Gretchen Hansen, a professor at the University of Minnesota’s department of Fisheries, Wildlife and Conservation Biology and co-lead on the eDNA project, said she thinks standardized eDNA resting will allow scientists and resource managers to see how far and wide the spread of invasives really is.
“Our current knowledge is based on opportunistic sampling … people happen to find something and report it,” Hansen noted. That doesn’t give a true representation of where the species might be, she said. “We believe the use of eDNA offers a potential to rapidly and accurately determine the distribution of aquatic invasive species in Minnesota lakes.”
Someday, Hansen noted, eDNA might be used to determine where endangered species exist or even the abundance of a species in a particular lake, with more eDNA indicating more of that species.
The project was supported by the Minnesota Aquatic Invasive Species Research Center at the University's Twin Cities campus, with funding from the Minnesota Environment and Natural Resources Trust Fund that's stocked with the state’s profits from the lottery.
Infested waters list growing
While it may seem like aquatic invasive species are everywhere, that's not yet the case in Minnesota. And that’s why it’s so important to take steps to keep them from spreading — namely cleaning, draining and drying all boats, trailers, fishing gear, scuba gear and water sports gear before moving them from one lake to another.
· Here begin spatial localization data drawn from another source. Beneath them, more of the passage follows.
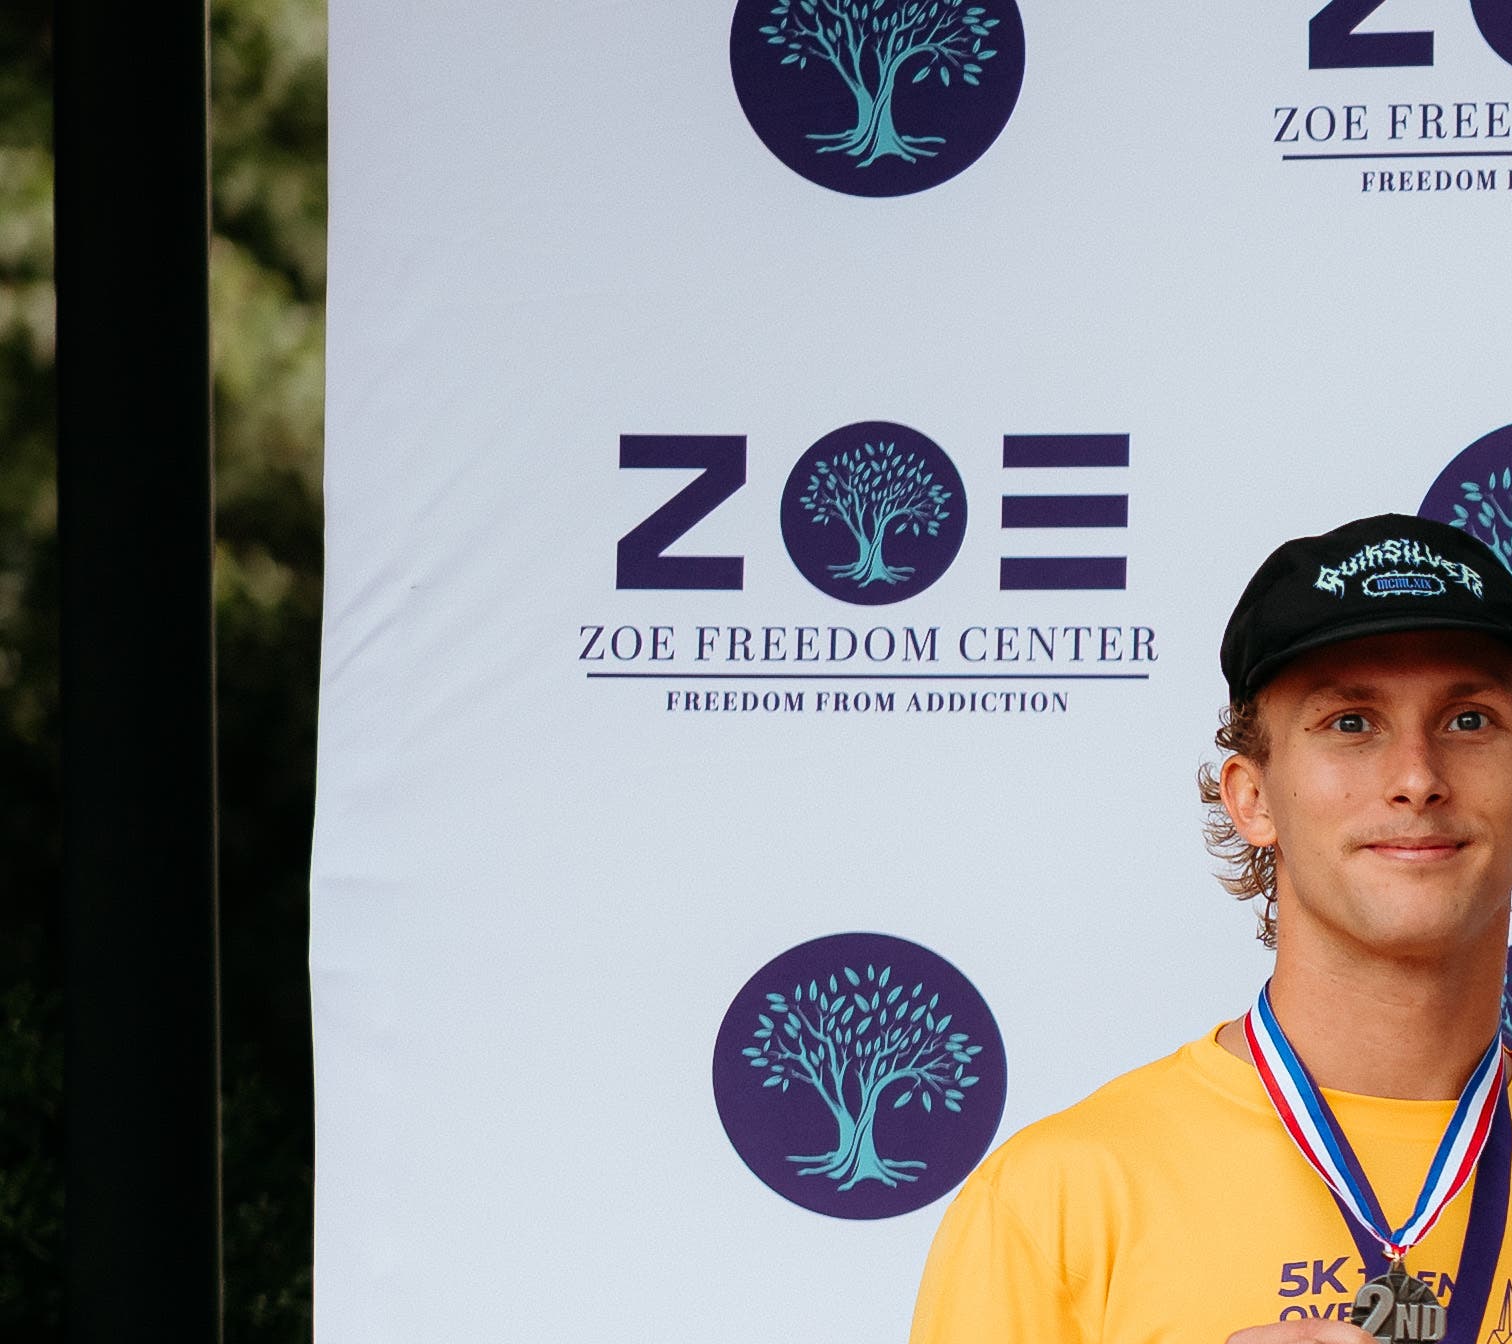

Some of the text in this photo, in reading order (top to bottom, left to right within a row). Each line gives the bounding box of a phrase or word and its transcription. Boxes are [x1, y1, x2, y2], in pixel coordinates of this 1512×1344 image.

[1272, 104, 1370, 144] ZOE
[1360, 168, 1498, 194] FREEDOM
[615, 420, 1131, 607] ZOE
[577, 624, 1160, 663] ZOE FREEDOM CENTER
[665, 690, 1068, 714] FREEDOM FROM ADDICTION
[1278, 1256, 1350, 1298] 5K
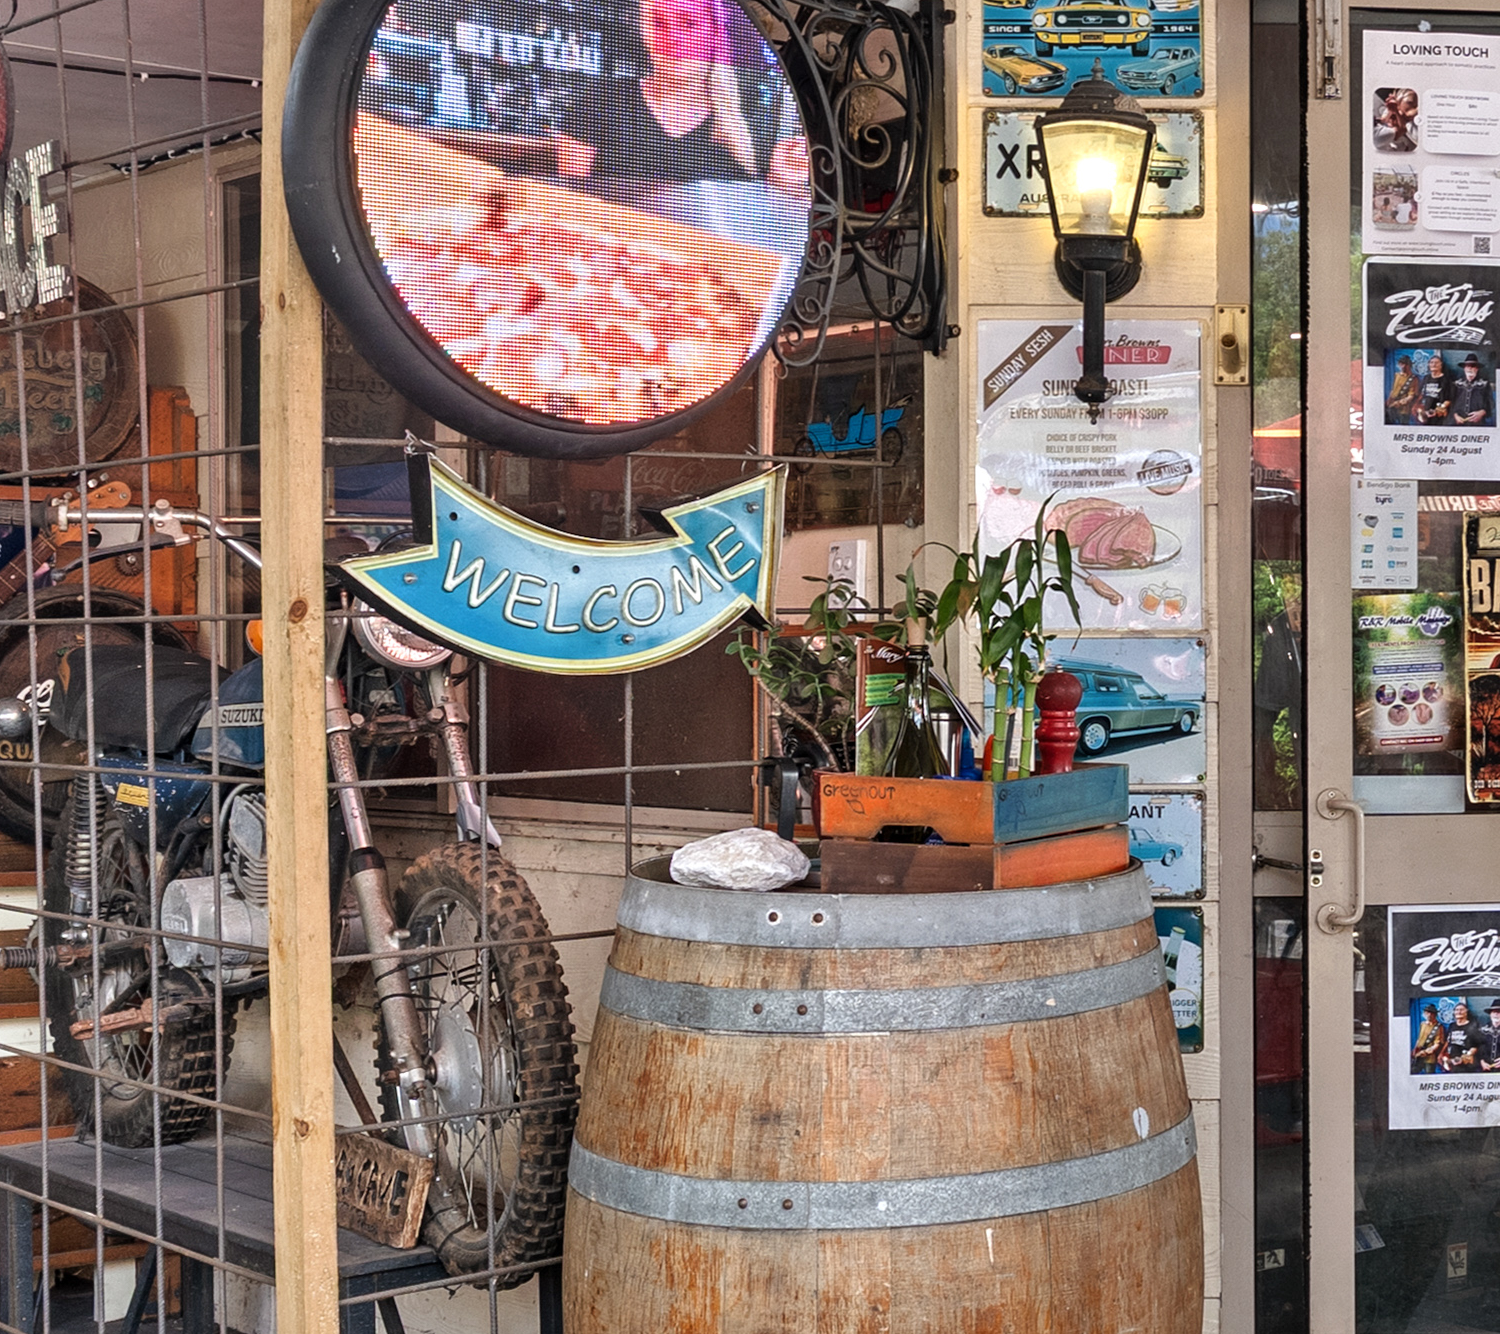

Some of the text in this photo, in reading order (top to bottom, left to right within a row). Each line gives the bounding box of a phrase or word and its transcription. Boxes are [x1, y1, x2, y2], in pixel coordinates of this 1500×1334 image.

[1162, 25, 1194, 33] 1964
[1393, 44, 1490, 59] LOVING TOUCH
[1428, 289, 1445, 303] THE
[1384, 286, 1495, 337] Freddys
[1116, 334, 1161, 348] Browns
[986, 328, 1055, 394] SUNDAY SESH
[2, 381, 77, 411] Beer
[1010, 408, 1040, 420] EVERY
[1041, 408, 1077, 420] SUNDAY
[1393, 433, 1491, 444] MRS BROWNS DINER
[1401, 444, 1483, 457] Sunday 24 August
[1366, 481, 1412, 491] Bendigo Bank
[1374, 495, 1394, 505] tyro
[442, 525, 757, 634] WELCOME
[1385, 616, 1414, 627] Mobile
[220, 709, 263, 725] SUZUKI
[1452, 937, 1470, 949] THE
[1171, 999, 1197, 1008] IGGER
[1418, 1081, 1441, 1091] MRS
[1442, 1081, 1485, 1091] BROWNS
[1426, 1093, 1461, 1104] Sunday
[1462, 1093, 1473, 1102] 24
[1453, 1104, 1483, 1114] 1-4pm.
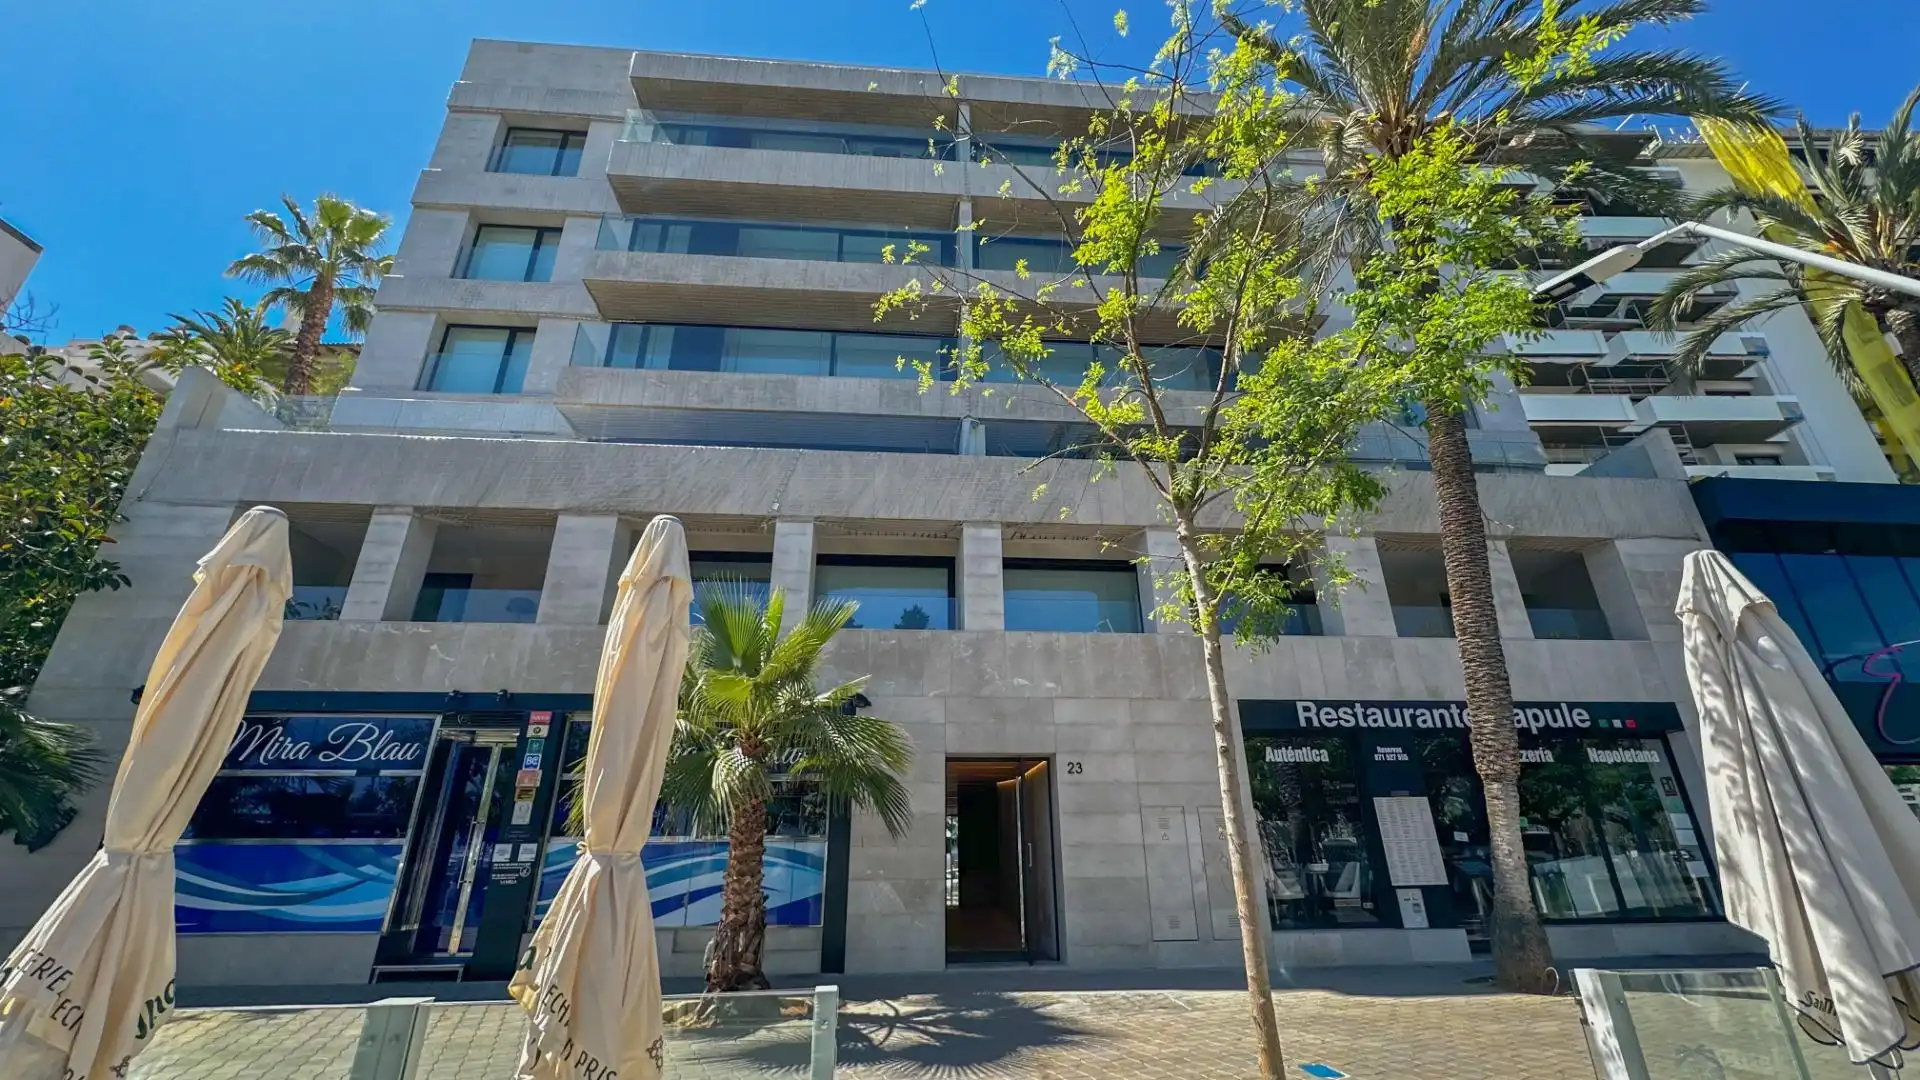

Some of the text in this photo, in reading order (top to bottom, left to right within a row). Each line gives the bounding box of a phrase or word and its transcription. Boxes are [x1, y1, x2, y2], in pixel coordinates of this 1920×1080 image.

[1513, 702, 1592, 735] apule
[229, 719, 421, 765] Mira Blau
[1265, 745, 1330, 763] Auténtica
[1586, 746, 1661, 764] Napoletana
[1067, 761, 1083, 775] 23
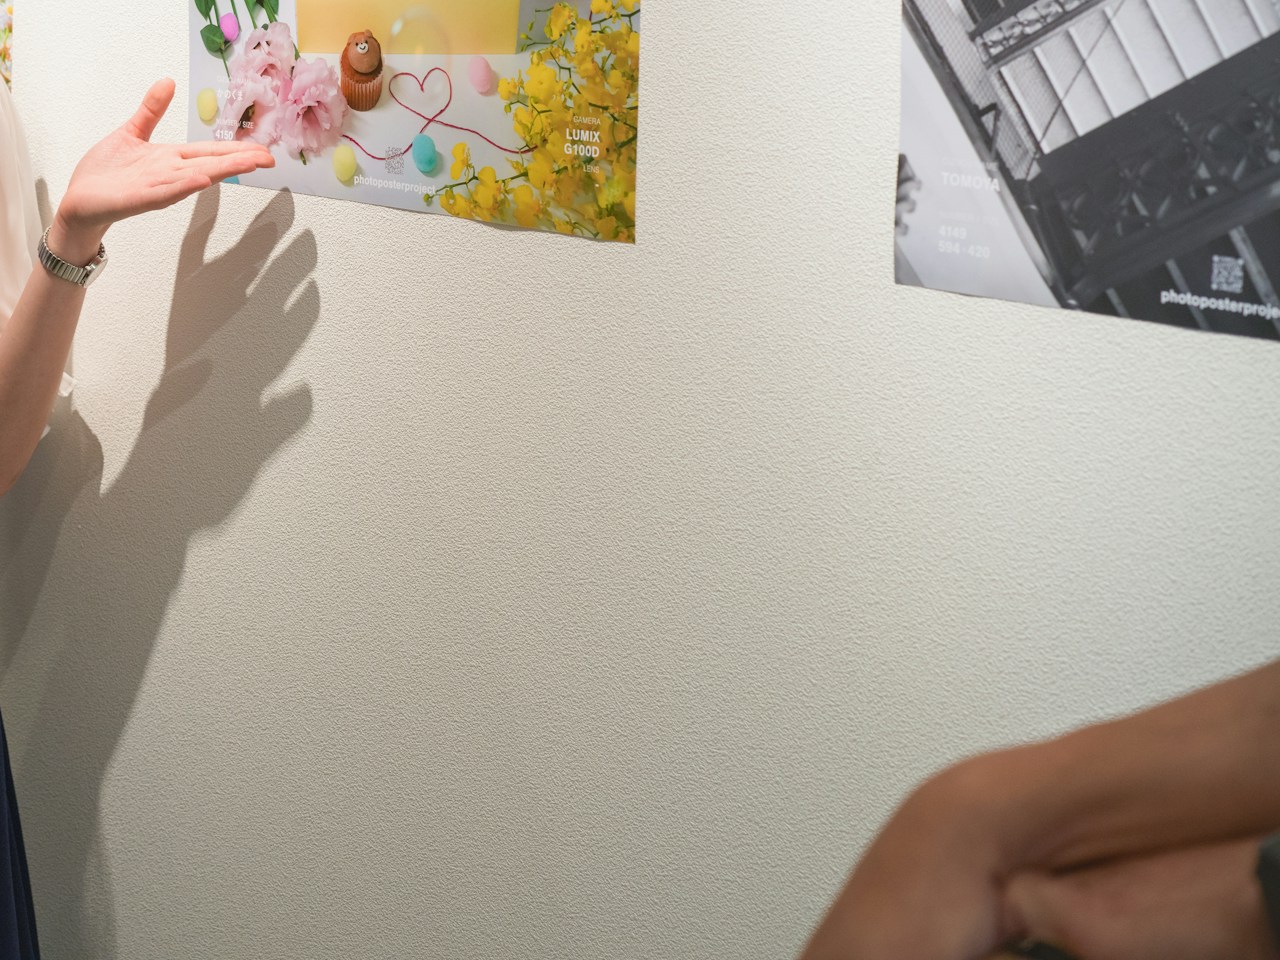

About 8% of Minnesota's more than 11,000 lakes are on the infested waters list with at least one invasive species. Less than 4% of Minnesota lakes are listed as infested with zebra mussels. As of November, 270 lakes and wetlands are known to have zebra mussels and another 232 are considered likely infested with zebra mussels because they are closely connected to a waterway where zebra mussels have been found.
Source: Minnesota Department of Natural Resources
What is environmental DNA?
DNA, short for deoxyribonucleic acid, is the hereditary material in living organisms that contains the biological instructions for building and maintaining them. The chemical structure of DNA is the same for all organisms, but differences exist in the order of the DNA building blocks, known as base pairs. Unique sequences of base pairs, particularly repeating patterns, provide a means to identify species, populations and even individuals.
Environmental DNA, eDNA, is nuclear or mitochondrial DNA that is released from an organism into the environment. Sources of eDNA include feces, mucus, shed skin and hair and carcasses. eDNA can be detected in cellular or dissolved form.
In aquatic environments, eDNA is diluted and distributed by currents and other hydrological processes, but it only lasts about 7–21 days, depending on environmental conditions. Exposure to UVB radiation, acidity, heat, and endo- and exonucleases can degrade eDNA.